Novel biomarkers are being discovered using TISSUEFAXS CHROMA and StrataQuest image analysis solution, with promising candidates used for predicting a patient’s response to neoadjuvant treatment of rectal cancer.
A recent study demonstrated that the equal weighing of two separate quantifications of Type 1 interferon (IFN) expression and CD8+ T cell density can predict the chances of patients displaying a pathological complete response to neoadjuvant treatment of rectal adenocarcinoma.
The scale and treatment of rectal adenocarcinoma
Rectal cancer is one of the most common types of cancer worldwide, and it is the third most common type of cancer in women and the fourth most common type of cancer in men.1
In the United States, an estimated 40,000 cases of rectal adenocarcinoma are diagnosed annually.2 However, the management of rectal cancer has improved over recent decades, and treatments are continuing to develop.

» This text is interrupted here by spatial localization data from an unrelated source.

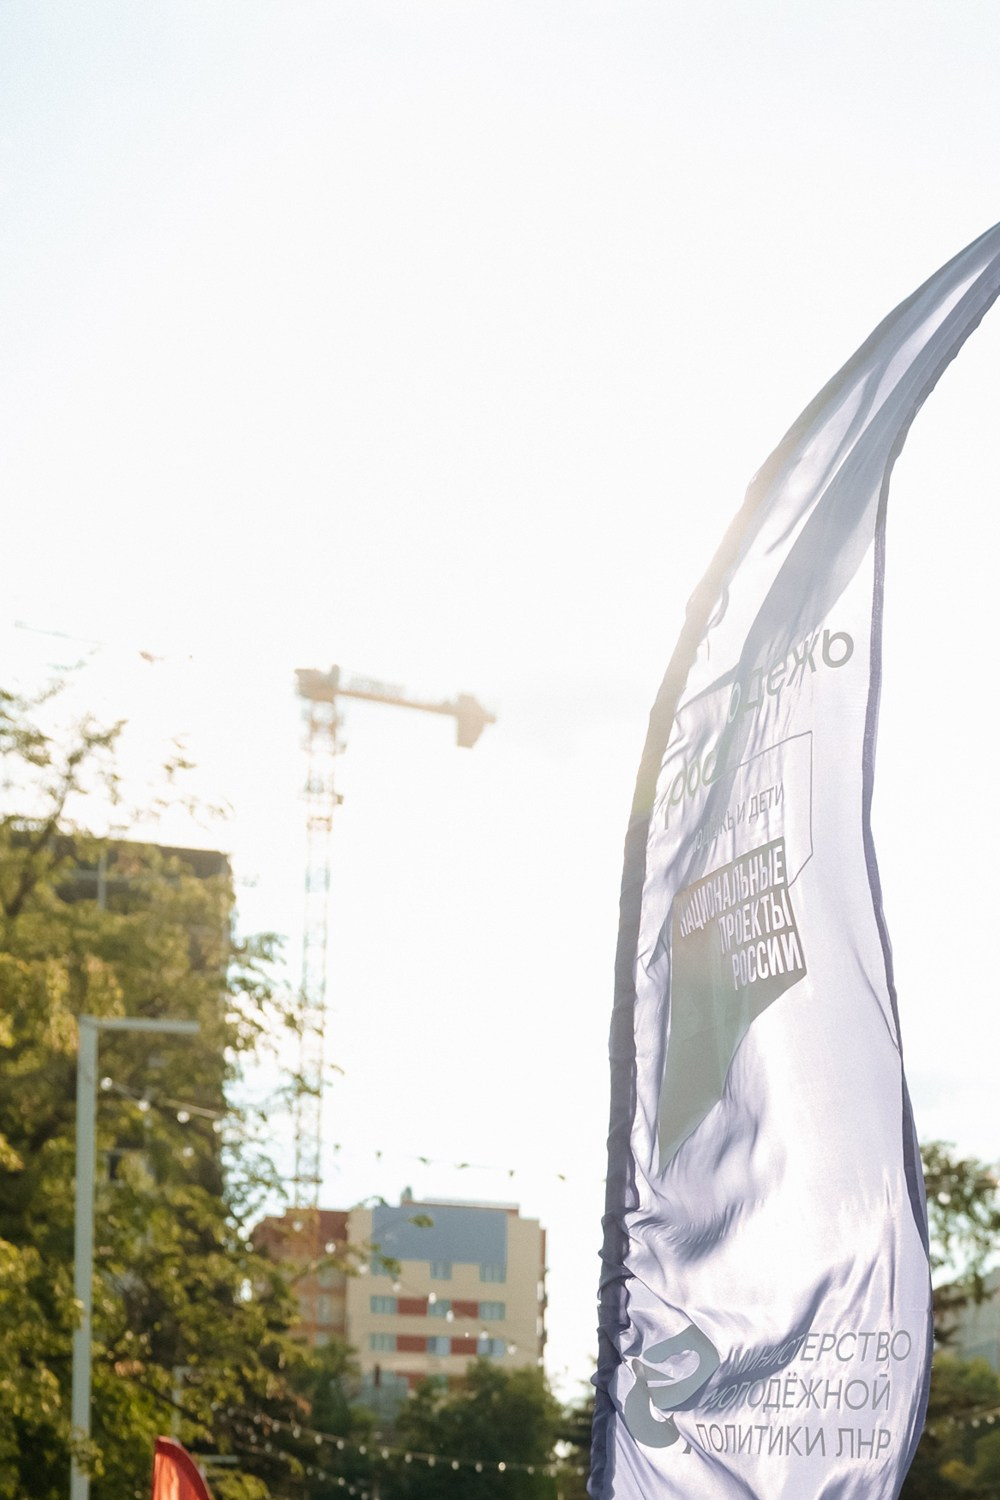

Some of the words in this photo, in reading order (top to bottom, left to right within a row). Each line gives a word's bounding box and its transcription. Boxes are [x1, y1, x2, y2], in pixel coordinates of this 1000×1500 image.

[736, 801, 746, 825] И
[749, 781, 785, 824] ДЕТИ
[680, 845, 786, 938] НАЦИОНАЛЬНЫЕ
[718, 888, 793, 955] ПРОЕКТЫ
[732, 931, 803, 990] РОССИИ
[727, 1330, 912, 1376] МИНИСТЕРСТВО
[698, 1372, 891, 1413] МОЛОДЁЖНОЙ
[696, 1424, 826, 1457] ПОЛИТИКИ
[836, 1428, 892, 1459] ЛНР

The central treatment for rectal cancer is the surgical removal of the cancerous tissue, and improvements in surgical procedures have allowed for better organ preservation and patient outcomes from surgery.
However, neoadjuvant treatment is also important when it comes to optimizing surgery outcomes, reducing local reoccurrence, and restricting the proliferation of radicals.
Approximately 20% of patients have been documented to exhibit a complete clinical response to neoadjuvant treatment, exhibiting no clinically detectable tumors.3 Together, therapy (such as chemotherapy and radiation) and surgery is the best way to treat rectal adenocarcinoma.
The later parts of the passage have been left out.